Mafiosi, when arrested or facing investigative committees or court appearances, develop a gamut of medical maladies ranging from heart trouble to common colds.
It is common for FBI agents derisively to diagnose such ploys as "Sicilian flu," a term coined when the late Buffalo boss Stefano Magaddino promptly took to bed when agents came to arrest him. He claimed to have the flu and was much too ill to be fingerprinted. As Special Agent Neil Welch put it, "It won't hurt. We just want to hold his hand."
Subjected to a bedside arraignment, Don Stefano sucked on an oxygen tube and gasped, "Take-a the gun. Take-a the gun and shoot me, that's what you want!" At the time, Don Stefano was 77, and some five years from his final reward.
Claims of ill health do seem to have some validity however, in the cases of the older dons. Ascribing heart conditions to "Sicilian flu" may in fact be a bit uncharitable. Carlo Gambino claimed his heart condition kept him abed most of the time in his tightly guarded home on Long Island.

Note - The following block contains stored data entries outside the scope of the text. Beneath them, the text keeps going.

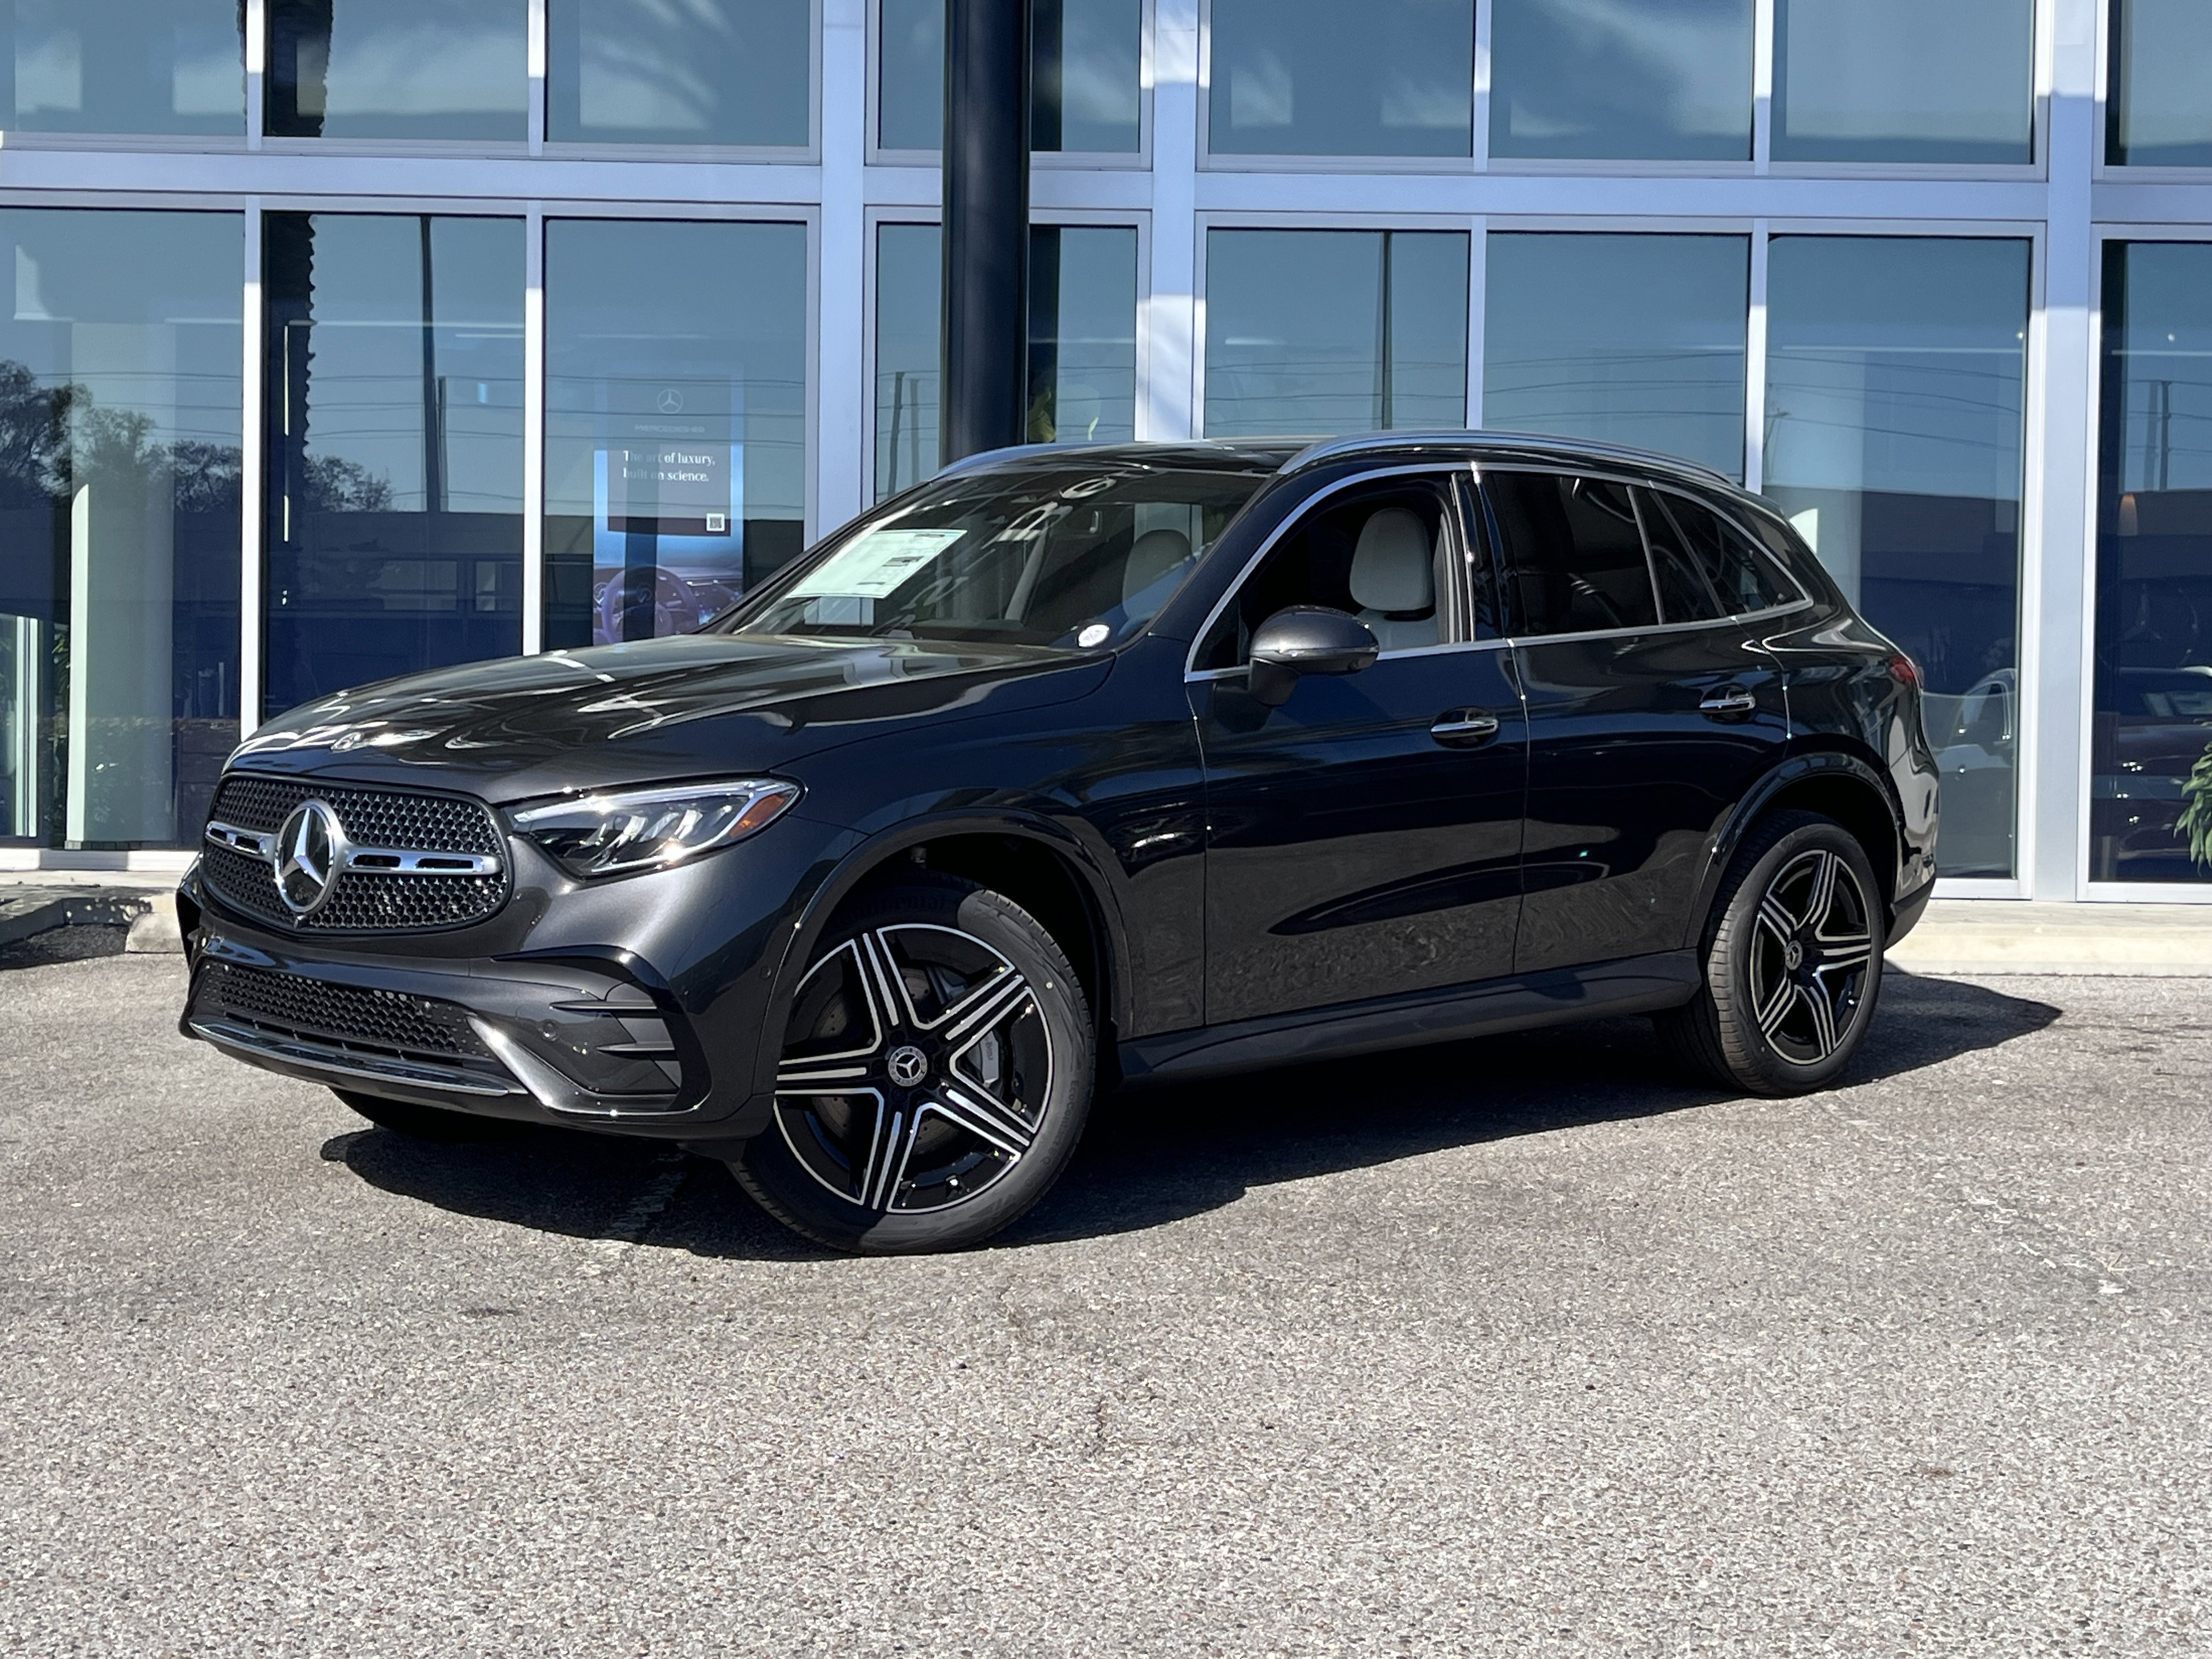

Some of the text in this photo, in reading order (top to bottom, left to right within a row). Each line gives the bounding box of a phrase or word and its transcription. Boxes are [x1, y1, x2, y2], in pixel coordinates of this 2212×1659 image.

[623, 450, 644, 462] The
[664, 453, 676, 464] of
[678, 453, 715, 466] luxury,
[623, 467, 709, 482] built on science.
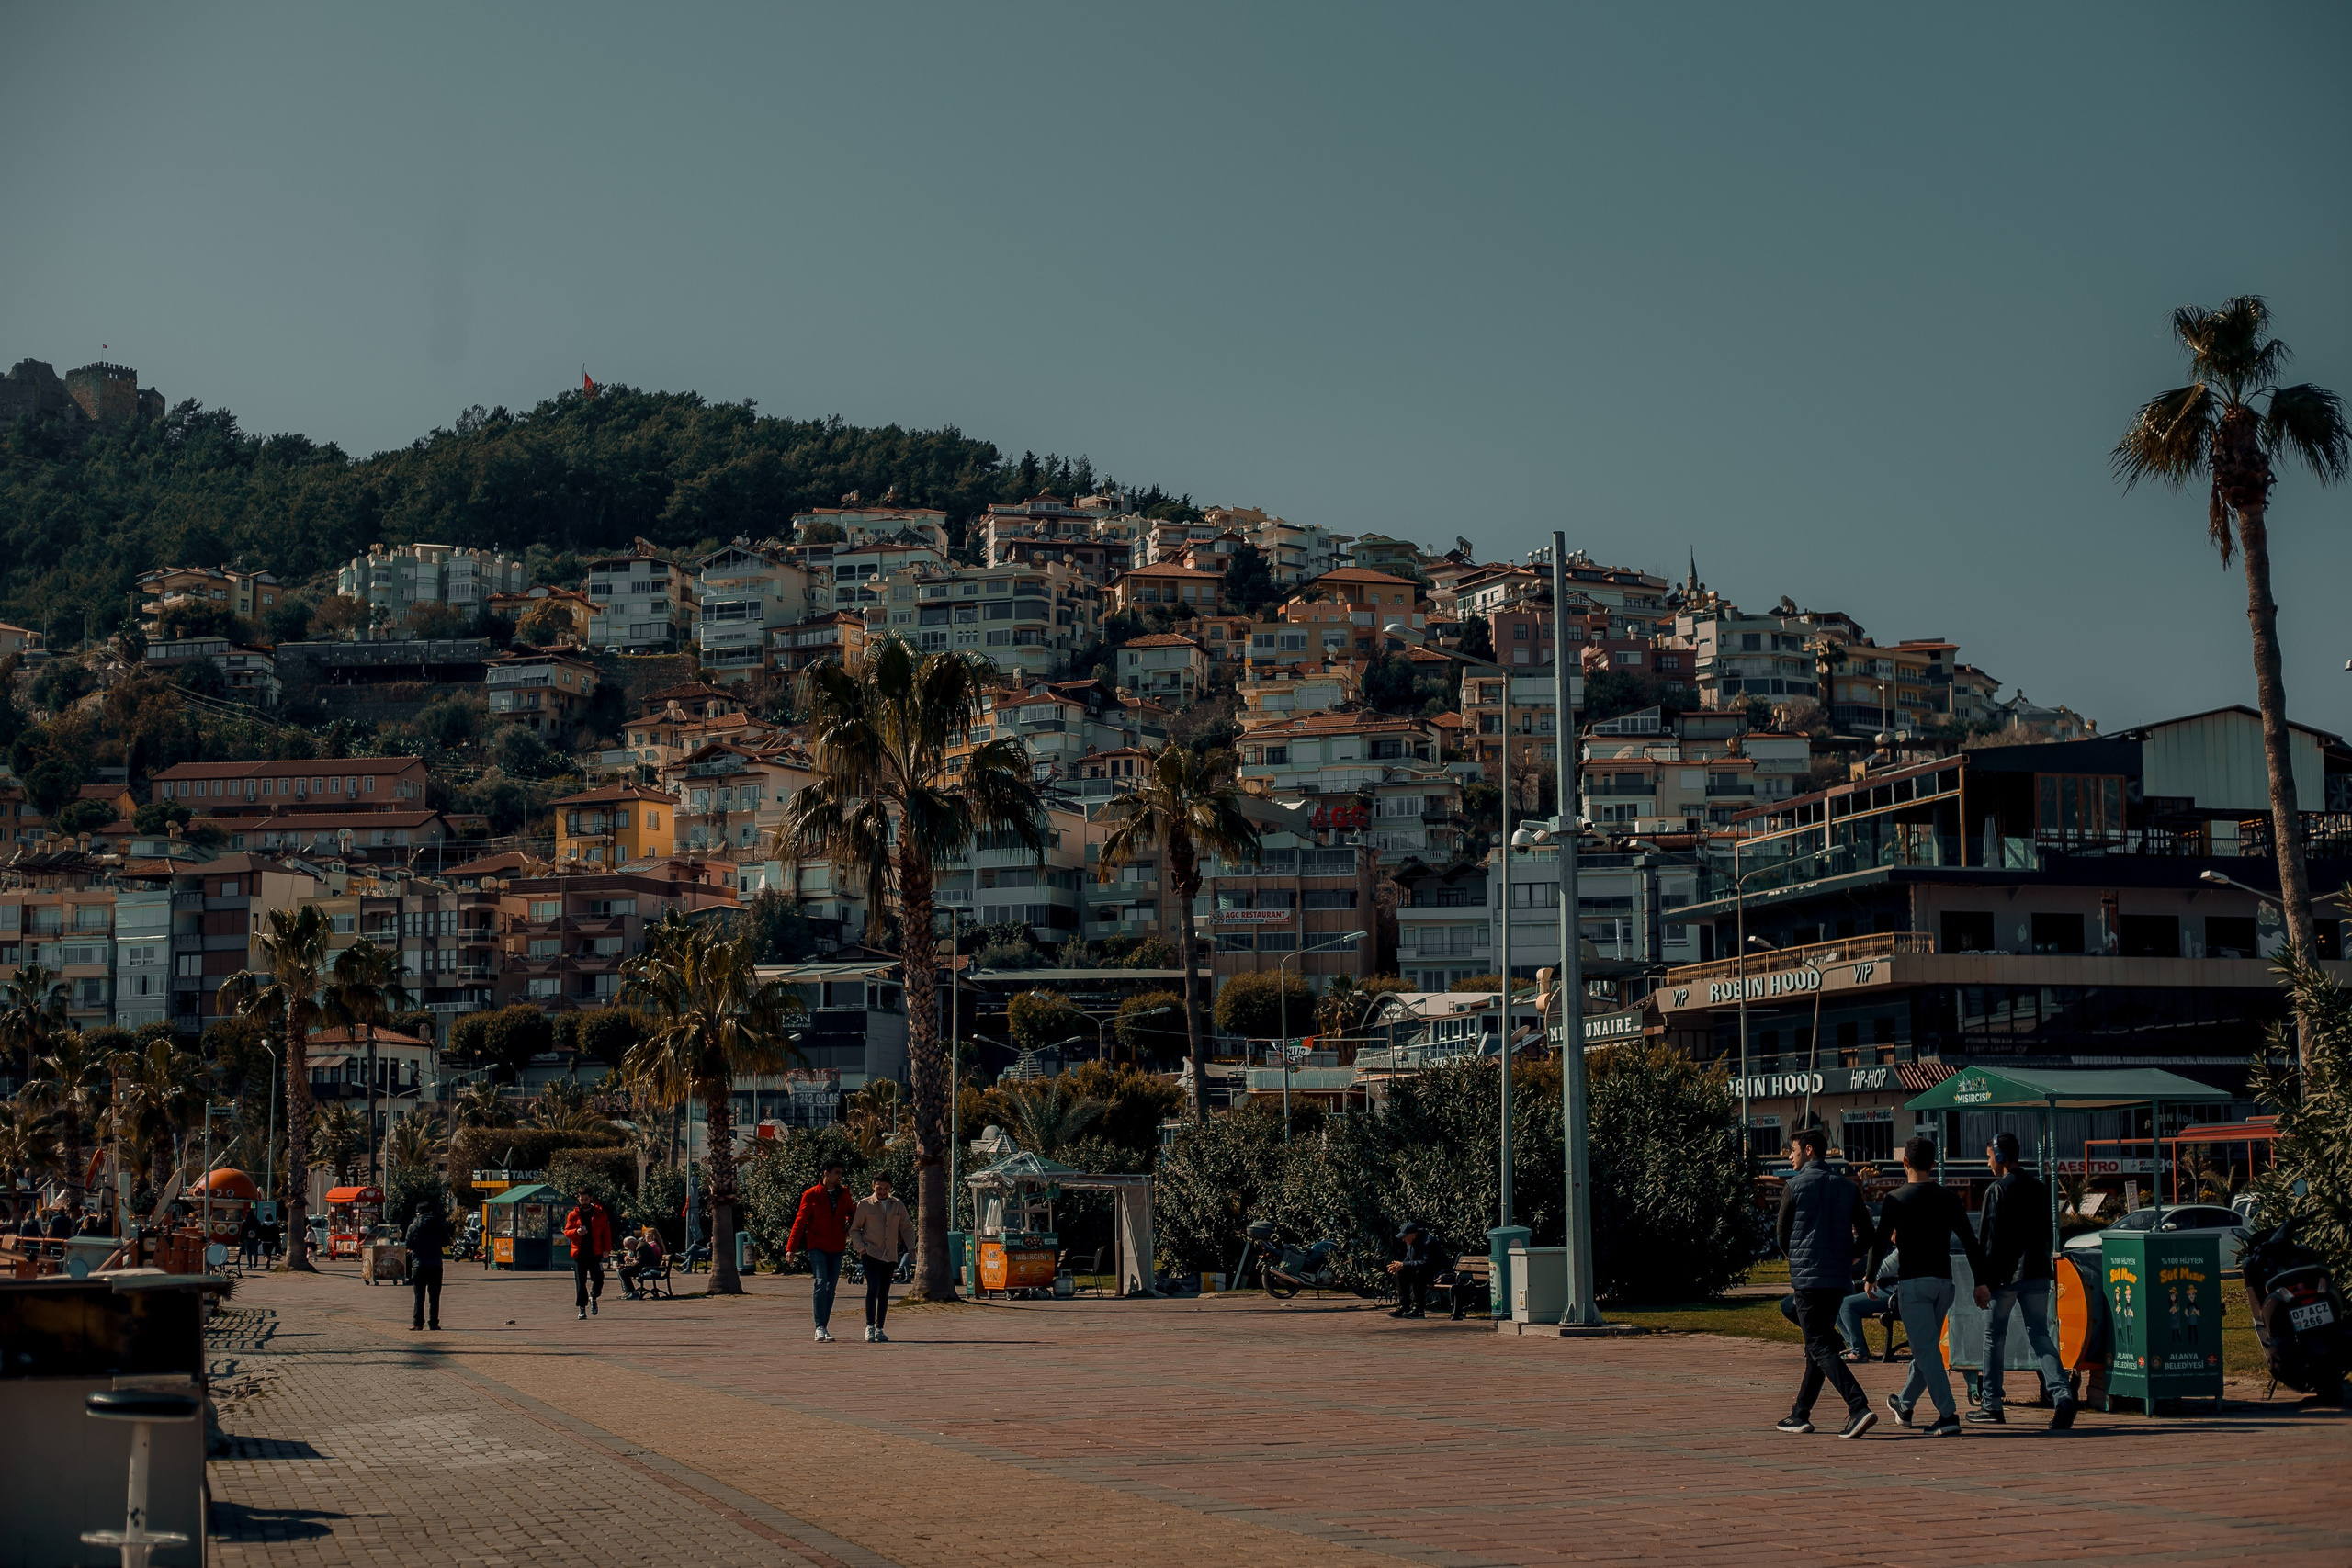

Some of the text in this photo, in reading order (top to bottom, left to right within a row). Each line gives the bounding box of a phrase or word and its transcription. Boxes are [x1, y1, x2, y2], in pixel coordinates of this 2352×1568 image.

[1311, 805, 1368, 827] AGC
[1241, 910, 1285, 919] RESTAURANT
[1853, 963, 1873, 984] VIP
[1709, 969, 1820, 1003] ROBIN HOOD
[1672, 988, 1689, 1007] VIP
[1771, 1073, 1824, 1096] HOOD
[1850, 1068, 1887, 1090] HIP-HOP
[816, 1093, 826, 1103] 00
[828, 1093, 840, 1103] 06
[1958, 1093, 1988, 1104] MISIRCISI
[1756, 1117, 1765, 1126] POP
[1848, 1112, 1866, 1121] TURKISH
[1866, 1111, 1876, 1121] POP
[2110, 1257, 2121, 1265] %100
[2292, 1303, 2329, 1320] 07 ACZ
[2303, 1315, 2323, 1328] 266
[2117, 1352, 2134, 1360] ALANYA
[2170, 1352, 2199, 1360] ALANYA

More likely he stayed in bed because, stripped of his citizenship, his "bum ticker" protected him from deportation. He still schemed, issued orders and, indeed, seemed to have little trouble venturing forth when crime family business beckoned. Yet in the end it was a heart attack that put him down for good.
Scientific study is elusive on the subject, but it is obvious to any reporter on the Mafia beat that members of organized crime suffer more from heart attacks and heart disease than the population as a whole. Perhaps the high incidence of stress-related diseases is an indication of the pressures on Mafia Dons. Is a heart disease a condition that goes with the territory?